Farmers Race Against Brexit Clock to Fatten Up British Lambs

(Bloomberg) -- In the Devonshire countryside, sheep farmer Bryan Griffiths is trying to beat the Brexit countdown clock. His flock is on a high-calorie diet.

Griffiths wants them to be fat enough for sale before Oct. 31 in case Britain leaves the European Union without a deal, closing off the U.K.‘s main export market and causing prices to plunge. Griffiths, who tends about 900 sheep, spent extra money this year buying concentrated feed.

“I’m just trying to push forward the sales a bit, if I can, to avoid being caught with too many if disaster strikes,” he said. "It adds cost, so it's a calculated risk."

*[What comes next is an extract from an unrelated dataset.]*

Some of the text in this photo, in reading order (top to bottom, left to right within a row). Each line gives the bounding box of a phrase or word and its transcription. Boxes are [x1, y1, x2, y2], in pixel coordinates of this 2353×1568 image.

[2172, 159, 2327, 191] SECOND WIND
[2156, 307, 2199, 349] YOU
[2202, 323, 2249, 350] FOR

With Prime Minister Boris Johnson promising to pull the U.K. out of the EU with or without a trade deal, the timing is worrying some British farmers. Sheep are usually born in the spring and reared outside in the summer months, then sold for slaughter in the autumn, meaning a no-deal Brexit could potentially happen when the majority of lambs come up for sale.

Given that so many lambs will reach the market in late October, farmers fear the extra supply will further depress prices if there’s a chaotic break with the EU. Currently, almost all U.K. exports of sheep meat are sent to the continent. If Britain leaves without a deal, those sales face tariffs exceeding 40%, which would stop almost all the trade, according to the U.K.’s Agriculture and Horticulture Development Board.

“It will bankrupt quite a few people,” said Antony Spencer, who farms in Warwickshire. He estimated that as much as 95% of the annual hill-farming income comes from October to December. Several nearby farms have tried to quicken the fattening process and sell as many lambs as possible before the October deadline, Spencer said.

In North Yorkshire, Richard Findlay has already sold 200 sheep and is worried that the weak pound means it’s getting more expensive to buy imported goods, like fertilizer.

For other farmers, there’s not much that can be done before October. John Davies, president of the Welsh National Farmers Union and owner of 1,000 ewes in the Brecon countryside, said it’s impossible to slow lambing. Once the animals are in prime condition, they have to be sold, he said.

The government is working on plans to help the agriculture industry if there’s a no-deal Brexit and may provide direct assistance to sheep farmers, said a spokesman for the U.K.’s Department for Farming and Rural Affairs, declining to provide specific details.

"We’re looking for some level of support to get us through what we hope is a temporary political blip," said Griffiths, the farmer in Devonshire. "We would like some reassurance that the market won’t crash."